【ヘンダーソン】大腿骨頸部骨折 骨粗鬆症(0011)| 12.達成感をもたらすような仕事をする

ヘンダーソン

事例の要約

自宅玄関での転倒により右大腿骨頸部骨折を受傷し、人工骨頭置換術を施行した78歳女性の介入14日目の事例である。

12.達成感をもたらすような仕事をする

A氏は専業主婦として、80歳の夫との二人暮らしの中で家事全般を担っていた。特筆すべき点として、地域の高齢者サークルの世話役を務めており、社会的役割を積極的に果たしていた。几帳面な性格から日常生活を規則正しく送り、社交的な性格を活かして地域社会との関わりを持ちながら、充実した生活を送っていた。

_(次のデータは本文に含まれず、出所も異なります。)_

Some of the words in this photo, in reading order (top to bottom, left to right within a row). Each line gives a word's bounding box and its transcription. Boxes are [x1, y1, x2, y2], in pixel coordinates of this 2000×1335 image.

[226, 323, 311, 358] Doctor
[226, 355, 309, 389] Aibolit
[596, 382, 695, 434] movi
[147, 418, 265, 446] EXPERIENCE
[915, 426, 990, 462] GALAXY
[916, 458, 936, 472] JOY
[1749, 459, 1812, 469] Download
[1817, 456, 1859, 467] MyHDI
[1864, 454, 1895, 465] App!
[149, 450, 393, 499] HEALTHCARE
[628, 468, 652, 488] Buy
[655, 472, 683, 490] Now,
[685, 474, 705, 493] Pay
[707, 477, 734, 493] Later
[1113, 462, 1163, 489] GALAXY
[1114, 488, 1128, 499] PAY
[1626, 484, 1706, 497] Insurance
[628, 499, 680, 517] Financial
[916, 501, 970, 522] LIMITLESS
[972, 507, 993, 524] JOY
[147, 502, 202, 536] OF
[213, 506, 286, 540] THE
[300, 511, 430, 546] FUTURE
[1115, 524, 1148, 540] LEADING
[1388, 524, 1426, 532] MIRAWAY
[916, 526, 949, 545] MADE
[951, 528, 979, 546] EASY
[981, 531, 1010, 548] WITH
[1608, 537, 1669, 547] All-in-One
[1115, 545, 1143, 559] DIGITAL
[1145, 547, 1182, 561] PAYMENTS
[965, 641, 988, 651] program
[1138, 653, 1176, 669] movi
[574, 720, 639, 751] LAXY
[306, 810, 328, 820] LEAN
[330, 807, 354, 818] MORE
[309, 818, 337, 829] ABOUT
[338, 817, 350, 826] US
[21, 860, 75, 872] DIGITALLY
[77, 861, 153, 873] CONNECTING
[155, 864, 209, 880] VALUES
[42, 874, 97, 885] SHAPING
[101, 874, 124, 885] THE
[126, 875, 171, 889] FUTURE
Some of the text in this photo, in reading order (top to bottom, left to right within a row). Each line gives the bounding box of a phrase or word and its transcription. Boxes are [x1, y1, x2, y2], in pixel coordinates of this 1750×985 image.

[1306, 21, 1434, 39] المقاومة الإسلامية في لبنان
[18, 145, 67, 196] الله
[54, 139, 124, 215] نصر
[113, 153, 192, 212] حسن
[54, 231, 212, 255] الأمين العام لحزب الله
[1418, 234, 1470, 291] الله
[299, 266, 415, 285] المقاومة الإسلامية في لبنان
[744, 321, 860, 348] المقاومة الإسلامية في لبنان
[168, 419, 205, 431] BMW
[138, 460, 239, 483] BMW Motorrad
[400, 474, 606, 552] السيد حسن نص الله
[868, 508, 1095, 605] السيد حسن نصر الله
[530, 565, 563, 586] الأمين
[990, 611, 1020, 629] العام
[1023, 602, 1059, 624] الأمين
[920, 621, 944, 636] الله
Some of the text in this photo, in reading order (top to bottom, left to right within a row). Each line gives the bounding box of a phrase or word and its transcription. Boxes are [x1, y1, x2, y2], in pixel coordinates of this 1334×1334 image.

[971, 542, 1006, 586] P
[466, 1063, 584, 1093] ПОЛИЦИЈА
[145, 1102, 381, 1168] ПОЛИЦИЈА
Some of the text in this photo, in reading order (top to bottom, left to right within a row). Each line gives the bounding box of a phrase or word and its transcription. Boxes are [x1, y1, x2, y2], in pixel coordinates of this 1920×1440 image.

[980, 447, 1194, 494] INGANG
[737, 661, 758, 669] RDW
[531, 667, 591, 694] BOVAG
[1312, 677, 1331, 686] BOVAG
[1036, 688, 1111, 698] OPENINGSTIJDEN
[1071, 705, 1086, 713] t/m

現在の入院生活において、右大腿骨頸部骨折後の活動制限により、これまで担ってきた役割の遂行が困難な状況となっている。特に、日常生活動作の自立度の低下は、A氏の自己効力感に大きな影響を与えている。「夫に迷惑をかけて申し訳ない」という発言からは、家庭内での役割が果たせないことへの心理的負担が読み取れる。また、地域活動への参加が制限されることで、社会的役割の喪失感も懸念される。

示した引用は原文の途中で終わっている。